Con este eterno regreso, la reciente visita de Sánchez a Barcelona para asistir a los premios de la PIMEC reiteró hasta el aburrimiento lo mismo de siempre. Aragonés que hizo el “juego” recordando al presidente español sus incumplimientos y su déficit de inversión, ante un Sánchez consciente de que esto no se traducirá en ningún problema en el Congreso de los diputados porque ERC a la hora de la verdad siempre le salvará el puesto de trabajo.
Sánchez, por su parte, reiteró la canción de siempre, sí ofreció “diálogo” una palabra que conmueve a las élites catalanas, que hace tiempo que les basta con las migajas que pueden caer de la gran mesa del poder madrileño .
Es difícil encontrar una situación tan contradictoria como la actual, en la que ninguna de las grandes demandas de Cataluña es satisfecha, donde quienes deberían representarlas y exigirlas con eficacia además se declaran independentistas, y donde el poder central pasa olímpicamente de ellos.
Cataluña va avanzando paso a paso y sistemáticamente hacia convertirse en un país de segundo orden en el marco español. Ya lo es y hace algunos años desde el punto de vista político, porque el tripartito no representó ningún paso adelante, sino más bien al contrario, como no podía ser de otra manera, cuando quien tenía la vara alta era precisamente el PSC. Sin embargo, es que ahora, además, se añade el progresivo declive económico.
Que cada vez nuestra economía, y en primer término la de Barcelona, dependa de la temporada turística, es una clara señal de la progresiva decadencia de nuestro sistema económico.
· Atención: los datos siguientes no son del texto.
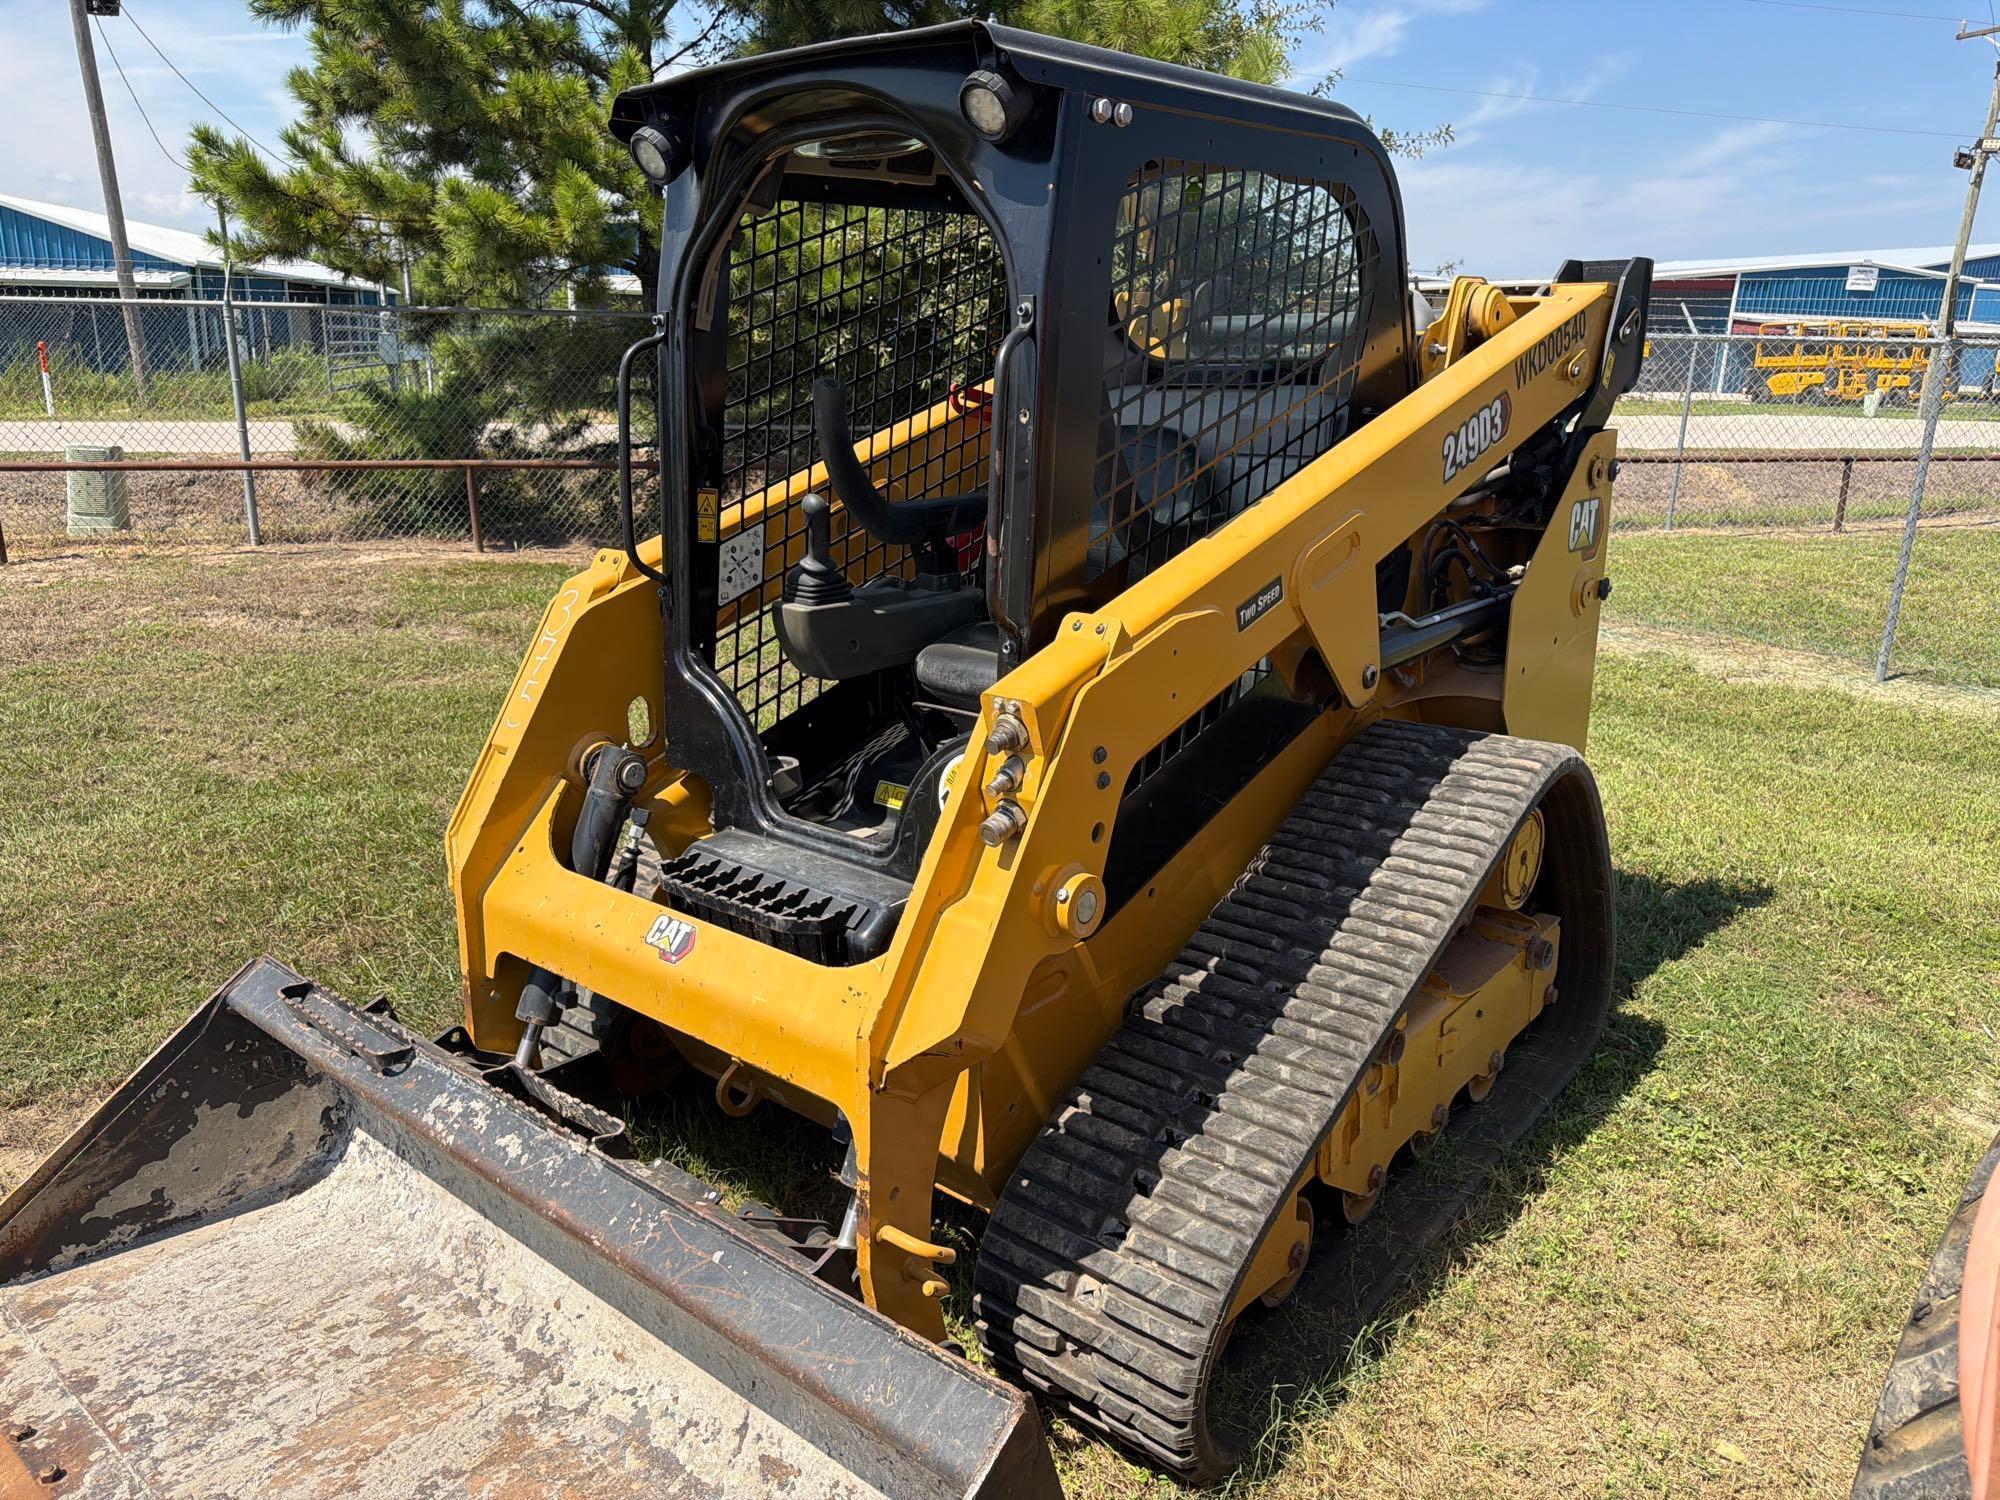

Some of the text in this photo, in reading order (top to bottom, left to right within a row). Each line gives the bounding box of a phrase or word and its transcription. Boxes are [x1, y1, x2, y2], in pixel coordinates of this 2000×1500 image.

[1514, 310, 1587, 390] WKD00540
[1443, 399, 1502, 482] 249D3
[1568, 498, 1600, 551] CAT
[645, 914, 696, 954] CAT
Esto no impide que no podamos exhibir excelentes resultados en exportación, investigación, medicina, pero estos factores positivos no cambian la tendencia global: una paralización de nuestra economía con actividades intensivas en trabajo y de baja productividad, y una pérdida total de centros de decisión.
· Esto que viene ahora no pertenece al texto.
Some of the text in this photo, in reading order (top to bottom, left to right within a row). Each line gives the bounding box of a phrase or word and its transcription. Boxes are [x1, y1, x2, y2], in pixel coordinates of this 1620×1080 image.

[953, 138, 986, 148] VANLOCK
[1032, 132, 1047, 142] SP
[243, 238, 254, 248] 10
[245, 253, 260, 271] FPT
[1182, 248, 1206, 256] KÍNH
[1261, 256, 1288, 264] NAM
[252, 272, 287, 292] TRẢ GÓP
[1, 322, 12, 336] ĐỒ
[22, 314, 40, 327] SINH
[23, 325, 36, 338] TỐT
Si a esta circunstancia se le añade que la actividad cultural de nuestro país en términos sobre todo cualitativos, pero también de cantidad, muestra también claros signos de debilidad, cabe concluir que nuestro escenario es de los peores desde el fin de la Guerra Civil.
Seguro que ha habido períodos precedentes que presentaban características mucho más críticas, pero que pondrían tres salvaguardias a balón pasado, que siempre han sido decisivas. En primer lugar, una potente industria como base del modelo económico. En segundo lugar, una Barcelona que actuaba en la práctica como cocapital de España. Y, en tercer lugar, la existencia de una tradición familiar que aportaba capital humano de calidad, cuadros y liderazgos en el conjunto de la sociedad.
Si a estos tres factores, hoy muy debilitados, se añade lo que había entonces y ahora ha desaparecido, la esperanza y la confianza en el futuro, queda claro que la afirmación de la gravedad de nuestro actual momento histórico resulta incuestionable .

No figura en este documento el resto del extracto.